We will analyze the MROZ dataset which comes from an Econometrica paper by Mroz in 1987 which gives data on a bunch of variables for married women in the year 1975. The variables in the dataset are: 

1. inlf: binary variable equaling 1 if the individual worked (i.e., they were 'in the labor force') in the year 1975 and 0 otherwise
2. hours: number of hours worked in 1975
3. kidslt6: number of kids < 6 years of age
4. kidsge6: number of kids 6-18 years of age
5. age: age in years
6. educ: years of schooling
7. wage: hourly wage in 1975
8. repwage: reported wage at interview in 1976
9. hushrs: hours worked by husband in 1975
10. husage: husband's age
11. huseduc: husband's years of schooling
12. huswage: husband's hourly wage in 1975
13. faminc: family income in 1975
14. mtr: federal marginal tax rate facing woman
15. motheduc: mother's years of schooling
16. fatheduc: father's years of schooling
17. unem: unemployment rate in county of residence
18. city: =1 if live in Standard metropolitan statistical area
19. exper: actual labor market experience
20. nwifeinc: (faminc - wage*hours)/1000
21. lwage: log(wage)
22. expersq: $\text{exper}^2$ (the square of the experience variable)

In [None]:
#Import the MROZ.csv dataset
mroz = pd.read_csv("MROZ.csv")
mroz.head(12)

In [None]:
#Several regressions can be fit on this dataset.

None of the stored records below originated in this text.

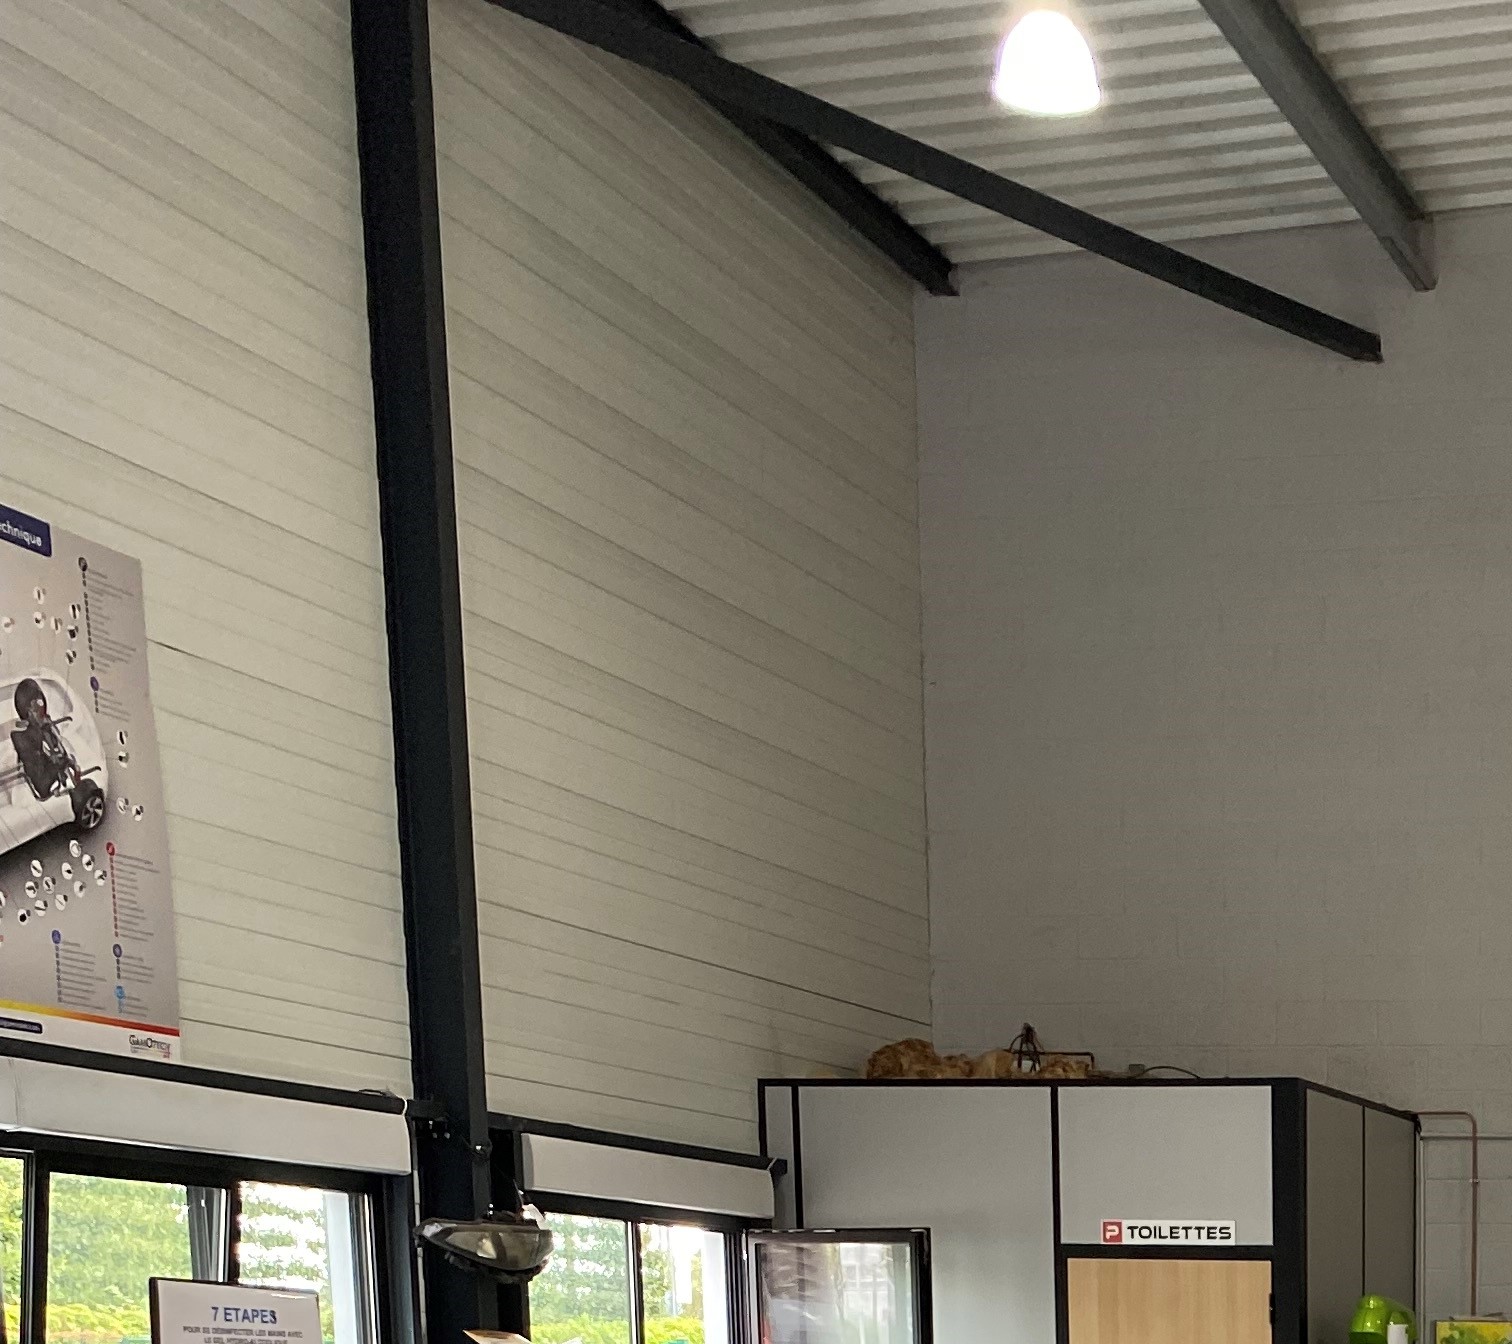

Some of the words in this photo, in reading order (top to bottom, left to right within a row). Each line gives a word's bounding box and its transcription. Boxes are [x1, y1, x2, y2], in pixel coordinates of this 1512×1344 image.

[1127, 1225, 1232, 1240] TOILETTES
[211, 1306, 219, 1322] 7
[223, 1307, 278, 1325] ETAPES
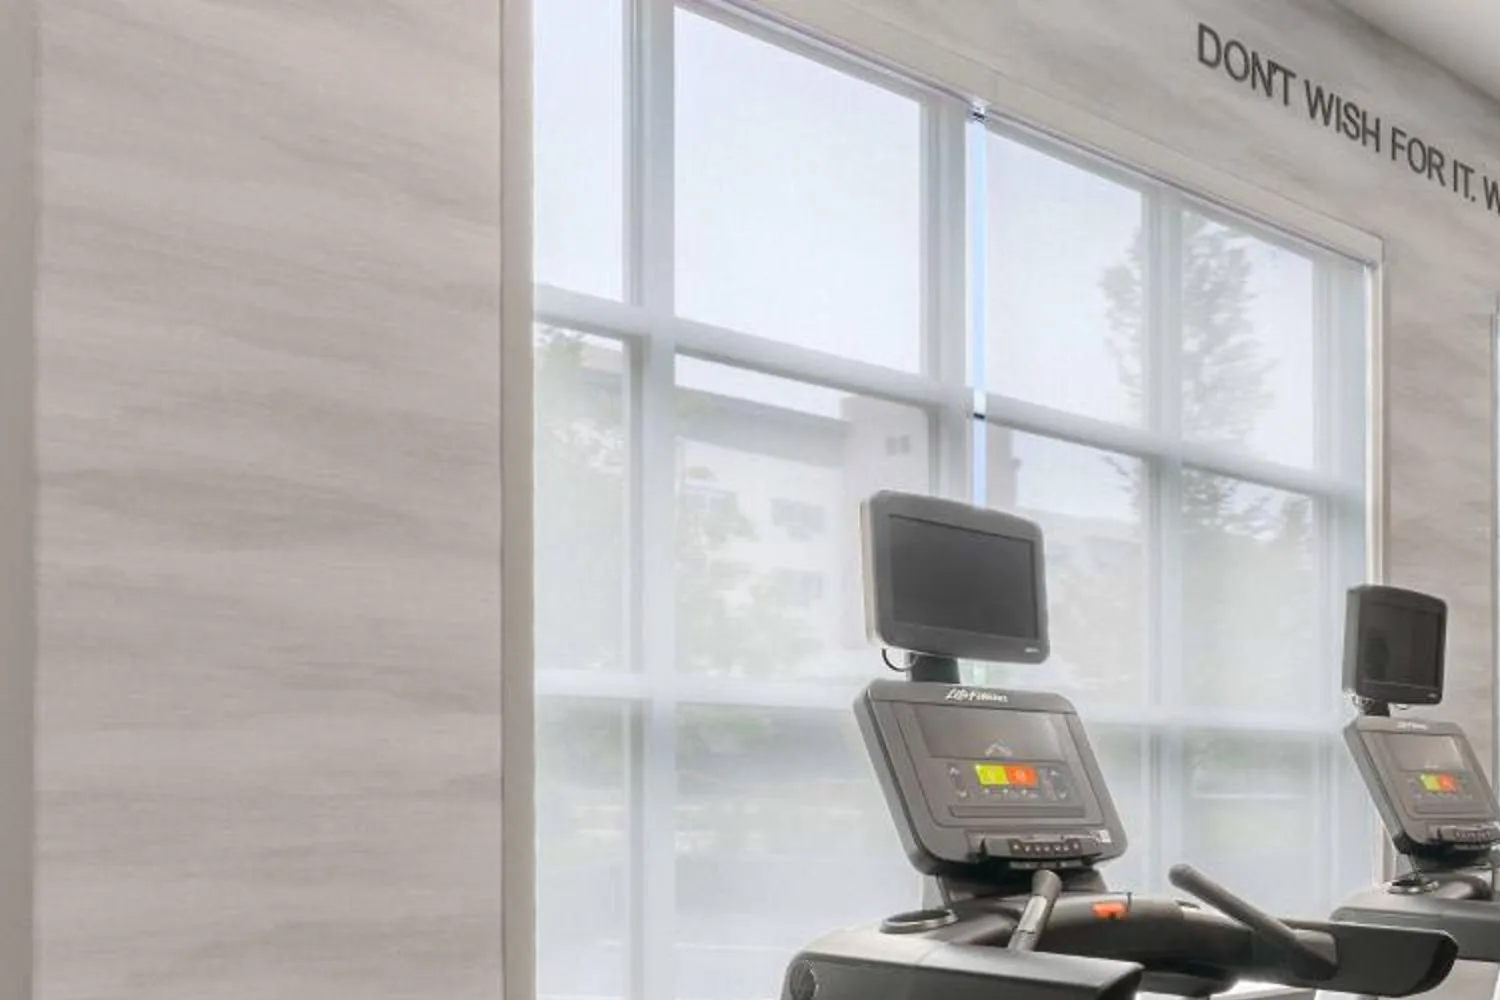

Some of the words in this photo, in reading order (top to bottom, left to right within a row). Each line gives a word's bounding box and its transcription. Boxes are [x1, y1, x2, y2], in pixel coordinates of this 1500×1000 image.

[1197, 22, 1296, 106] DON'T
[1304, 79, 1381, 153] WISH
[1390, 126, 1446, 187] FOR
[1452, 159, 1477, 203] IT.

Let us fit one with
#hours as the response variable, and
#kidslt6, kidsge6, age, educ, exper, expersq, huswage, huseduc, hushrs, motheduc and fatheduc
#as covariates
import statsmodels.api as sm
#Define the response variable and covariates
Y = mroz['hours']
X = mroz[['kidslt6', 'kidsge6', 'age', 'educ', 
       'hushrs',  'huseduc', 'huswage',  'motheduc',
       'fatheduc', 'exper', 'expersq']].copy()
#Add a constant (intercept) to the model
X = sm.add_constant(X)

#Fit the model: 
model = sm.OLS(Y, X).fit()
print(model.summary())

In [None]:
#Usually one looks at the table above and drops variables for which the standard error
#is comparable to the estimated coefficient (equivalently, the variables for which the
#P>|t| value is large). 
#In this problem we can drop the variables motheduc, fatheduc, hushrs, huseduc and kidsge6
#Regression with a smaller number of covariates
#Define the response variable and covariates
Y = mroz['hours']
X = mroz[['kidslt6', 'age', 'educ', 
        'huswage', 'exper', 'expersq']].copy()
X = sm.add_constant(X) #add a constant (intercept) to the model
#Fit the model: 
linmodel = sm.OLS(Y, X).fit()
print(linmodel.summary())

In [None]:
#We can also take the Bayesian Approach and use PyMC:
import pymc as pm
mrozmod = pm.Model()
with mrozmod:
    # Priors for unknown model parameters
    b0 = pm.Flat("b0")
    b1 = pm.Flat("b1")
    b2 = pm.Flat("b2")
    b3 = pm.Flat("b3")
    b4 = pm.Flat("b4")
    b5 = pm.Flat("b5")
    b6 = pm.Flat("b6")
    log_sigma = pm.Flat("log_sigma")             
    sigma = pm.Deterministic("sigma", pm.math.exp(log_sigma))
    # Expected value of outcome
    mu = b0 + b1 * mroz['kidslt6'] +   b2 * mroz['age'] + b3 * mroz['educ'] + b4 * mroz['huswage'] + b5 * mroz['exper'] + b6 * mroz['expersq']
    # Likelihood
    Y_obs = pm.Normal("Y_obs", mu=mu, sigma=sigma, observed=mroz['hours'])
    idata = pm.sample(2000, chains = 2, return_inferencedata = True)  

In [None]:
b0_samples = idata.posterior['b0'].values.flatten()
b1_samples = idata.posterior['b1'].values.flatten()
b2_samples = idata.posterior['b2'].values.flatten()
b3_samples = idata.posterior['b3'].values.flatten()
b4_samples = idata.posterior['b4'].values.flatten()
b5_samples = idata.posterior['b5'].values.flatten()
b6_samples = idata.posterior['b6'].values.flatten()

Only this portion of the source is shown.